Here's some things to consider when buying your next dinner suit or dinner jacket:
The Event: The most important consideration is the event's dress code. Is it "Black Tie" or the more formal "White Tie and Tails"? White Tie is the most formal evening dress code in Western fashion and is almost exclusively worn to events such as balls, operas, and gala banquets. "Black Tie" is more commonly worn and is epitomised as the dressing as James Bond look.
Shawl Lapels: Unlike the peak or notched lapel, the shawl lapel is a continuous curve lapel with no angles. It is almost always used solely for formal clothes such as dinner suits (tuxedos) – and often features a satin finish over the lapel. Choosing the appropriate lapelcan make or break the look of your whole outfit, so choose carefully.

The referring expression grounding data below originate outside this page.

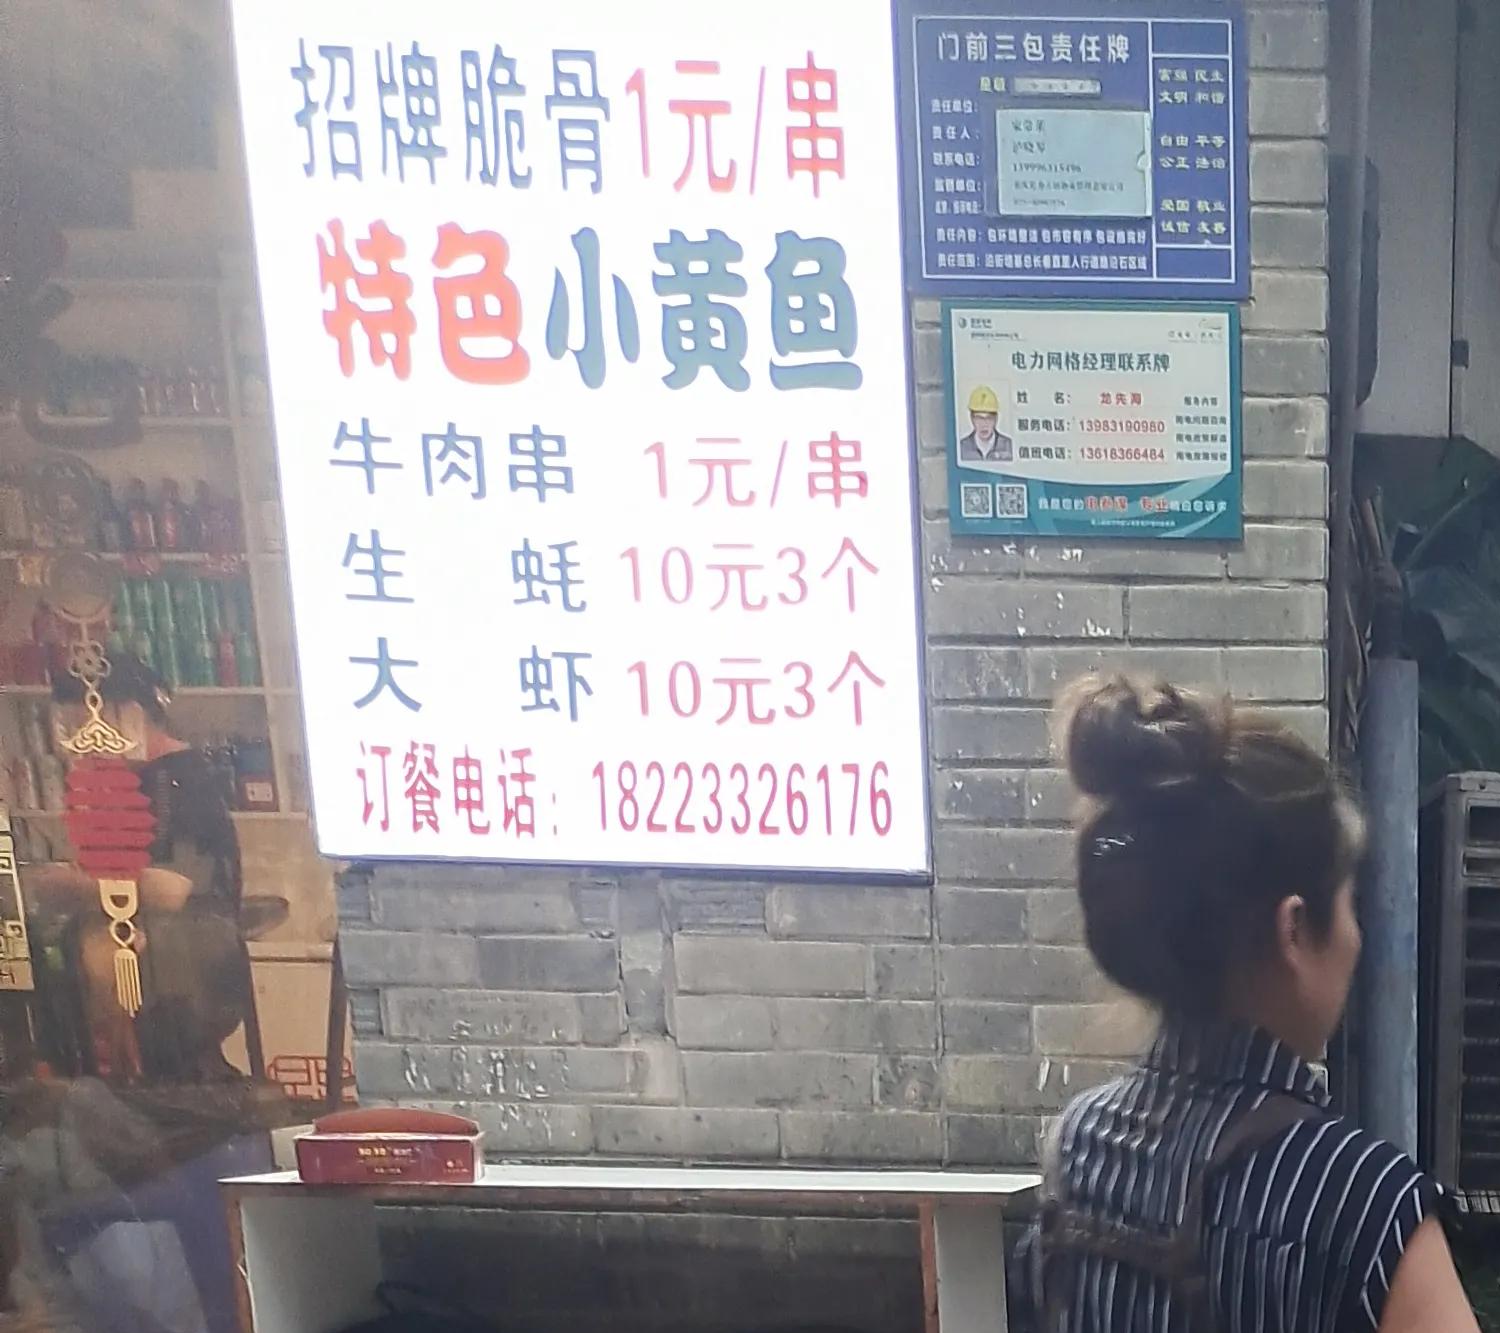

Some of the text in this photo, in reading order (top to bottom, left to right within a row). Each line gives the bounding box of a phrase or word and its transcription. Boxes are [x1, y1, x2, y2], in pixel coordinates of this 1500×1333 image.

[937, 32, 1130, 63] 门前三包责任牌
[316, 218, 863, 392] 特色小黄鱼
[1011, 352, 1170, 372] 电力网格经理联系牌
[329, 417, 868, 508] 牛肉串 1元/串
[620, 537, 879, 613] 10元3个
[628, 651, 885, 726] 10元3个
[592, 760, 892, 837] 18223326176
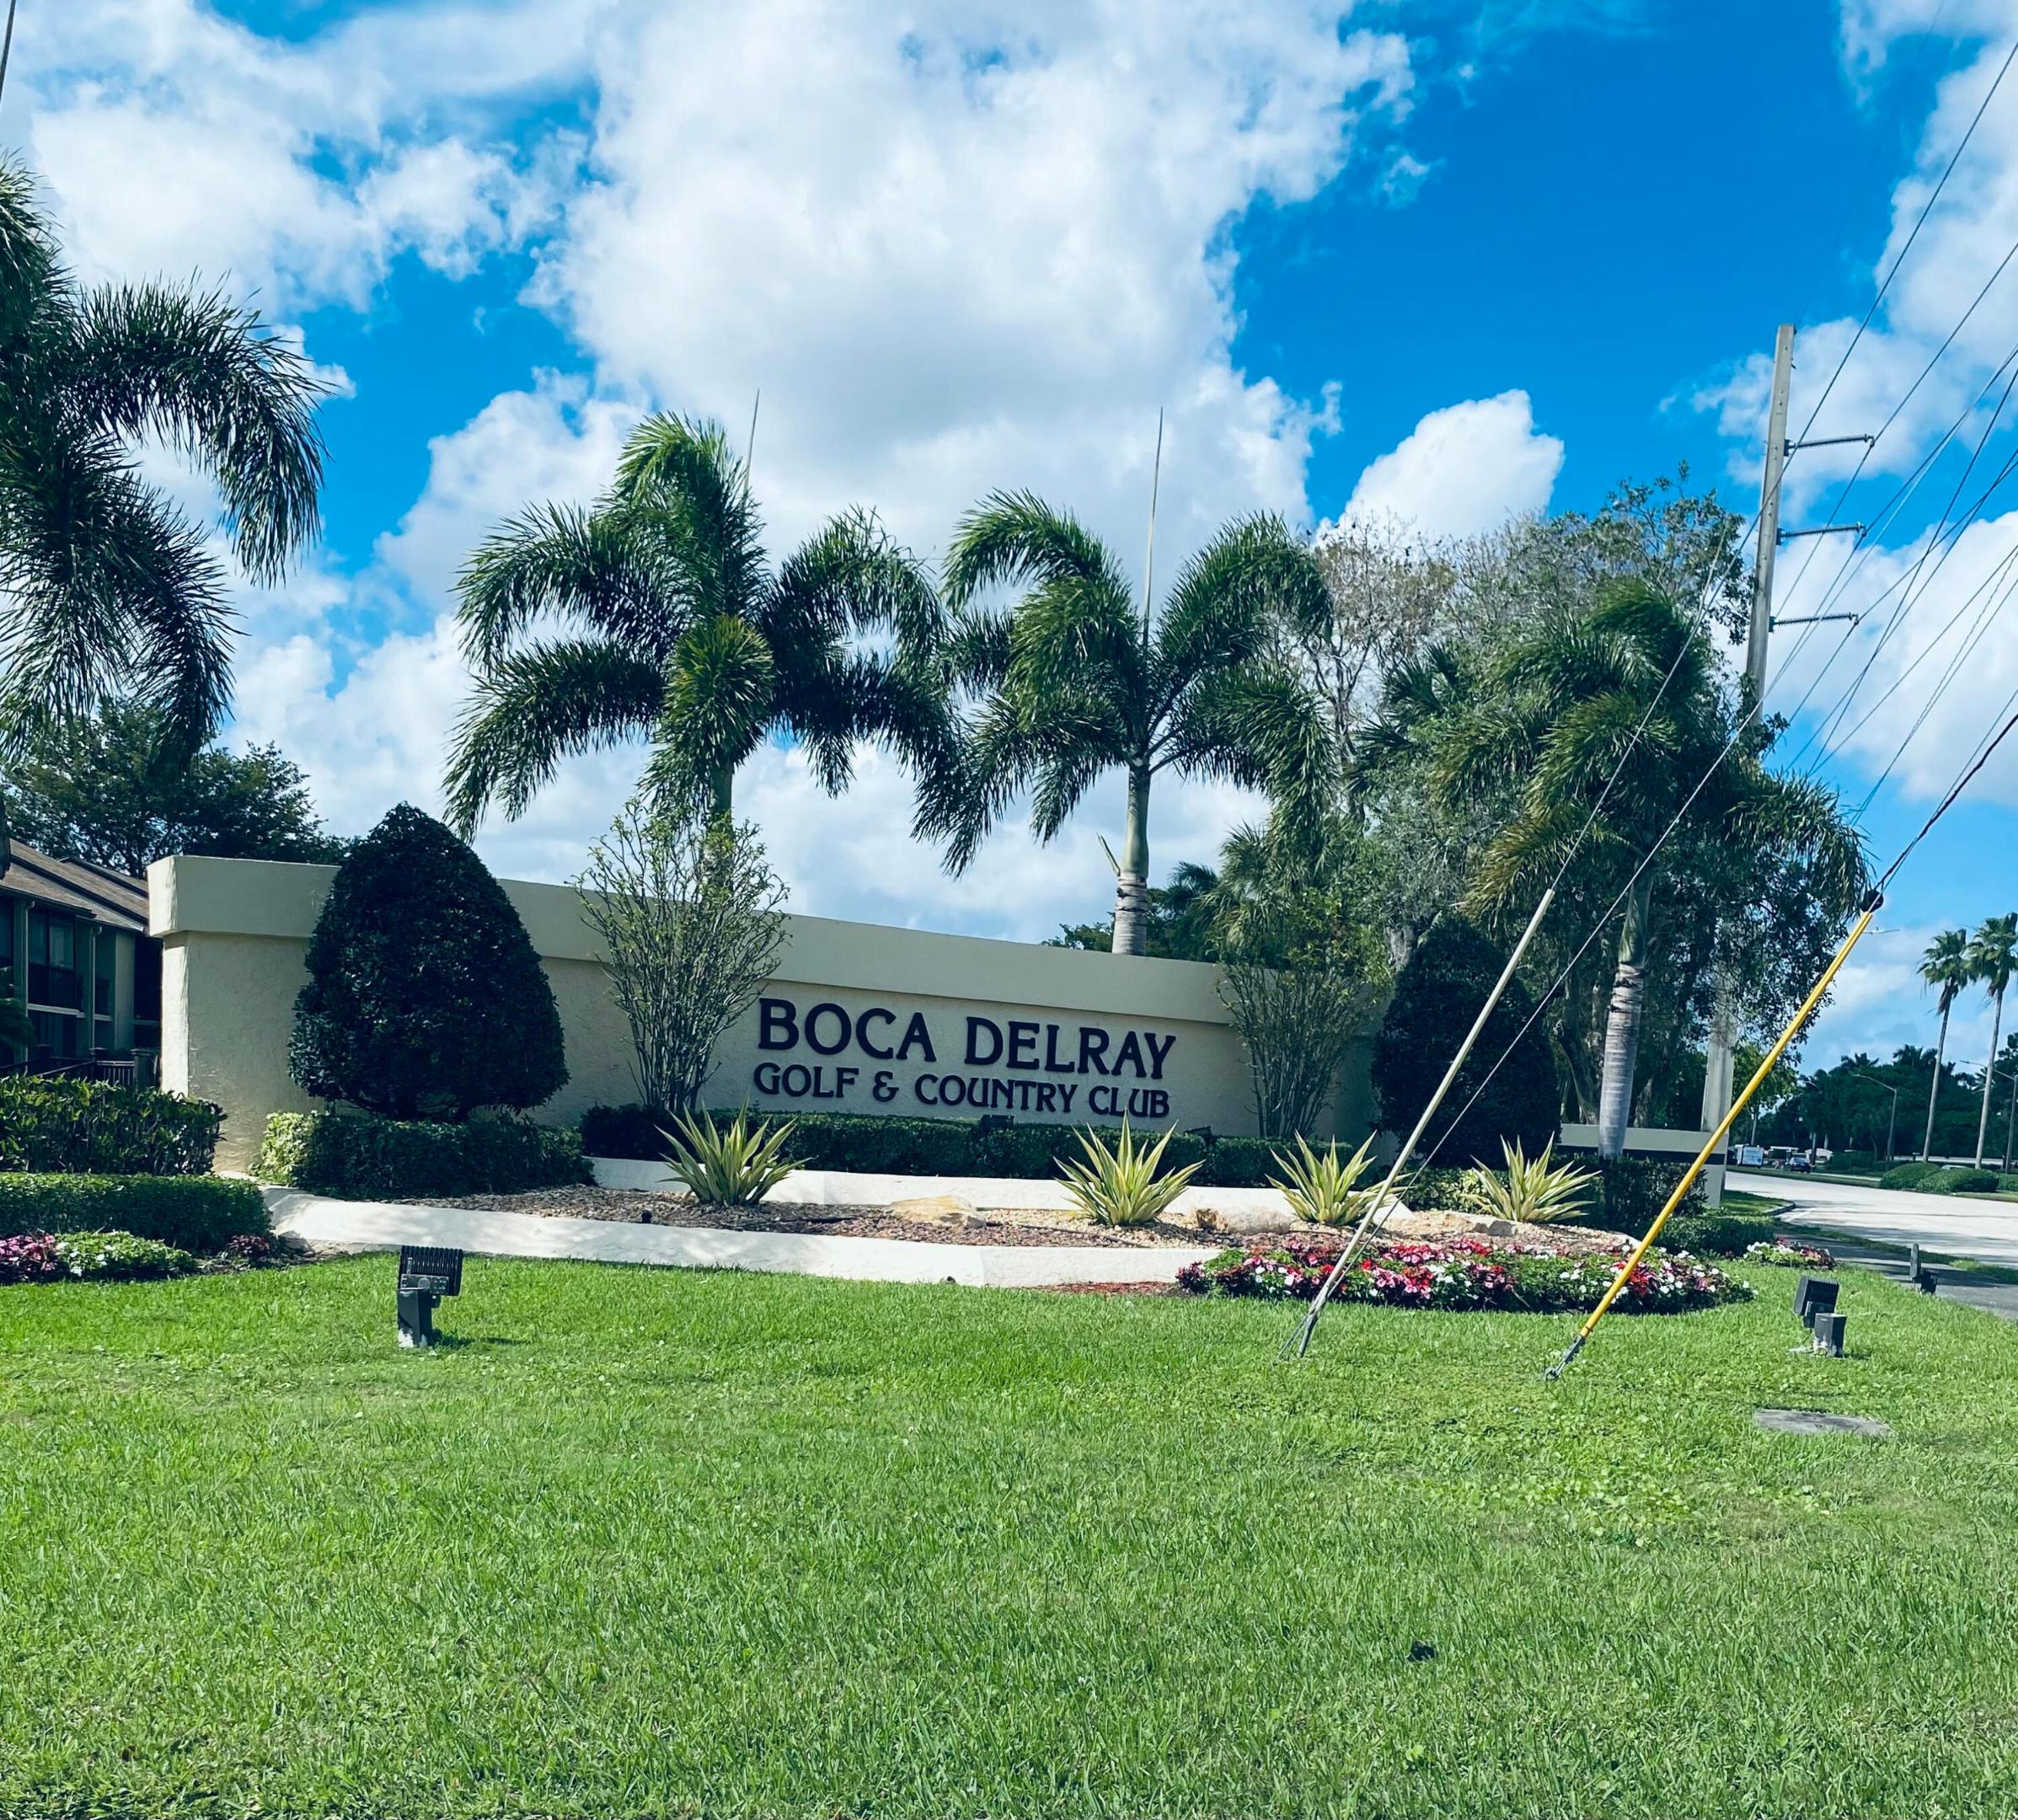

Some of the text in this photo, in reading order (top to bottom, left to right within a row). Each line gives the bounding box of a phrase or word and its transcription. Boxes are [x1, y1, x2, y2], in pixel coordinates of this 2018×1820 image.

While the lapels are often matched in colour to the rest of the dinner jacket, a stylish contrast of a black lapel on a white dinner jacket or a white lapel on a black dinner jacket adds flair and individuality.
Cummerbund: This is the sash worn around the waist and is an alternative to wearing a vest (waistcoat). Cummerbunds are usually made from satin or silk material and match the colour and fabric of your bow tie and/or your lady's dress.
Dinner Shirt: These shirts have pleats on each side of the buttons down the middle of the shirt. While not essential, they may also feature wing-tip collars so you can wear bow ties.
Handkerchief: A handkerchief is often worn in the jacket's breast pocket. White or red are good colour choices, but don't go overboard.
Shoes: Your shoes should be polished to a mirror shine. Nothing looks worse than a dinner suit worn with shoes with a matte finish. Never wear sneakers or anything other than leather dress shoes with a dinner suit.
Hats and Gloves: If you're a hat man (but few men are these days,) wear a black fedora or homburg with your dinner suit, but leave it in the coat check room. A top hat is considered inappropriate with a dinner suit, as are gloves - that is, unless you're there to steal the show!
Tails: Tails are not necessarily a given on a dinner suit. A dinner jacket can have tails, but you must follow the special fashion rules that come with them. Tails are considered classy, but the "fashion gods" have declared they can only be worn with a white bow tie. Do not wear a black tie with a dinner jacket that has tails.
White, black or midnight blue? This is a good question. Black or midnight blue dinner suits are the standard, but white dinner suits will stand out and look classy. A white dinner jacket with a black bow tie will make you look very James Bond-ish, which is a good thing. The white dinner jacket is something you could bring out in the spring or use for a great look at a summer wedding.
At Montagio, it's part of our job to stay on top of the current trends and fashion dress codes so we are always giving you cutting edge advice about your wardrobe requirements. We take this responsibility seriously, and our master tailors are always at the top of their game. You can pop into our showroom any time or schedule a one-on-one personal session to discuss your needs and get your fashion questions answered.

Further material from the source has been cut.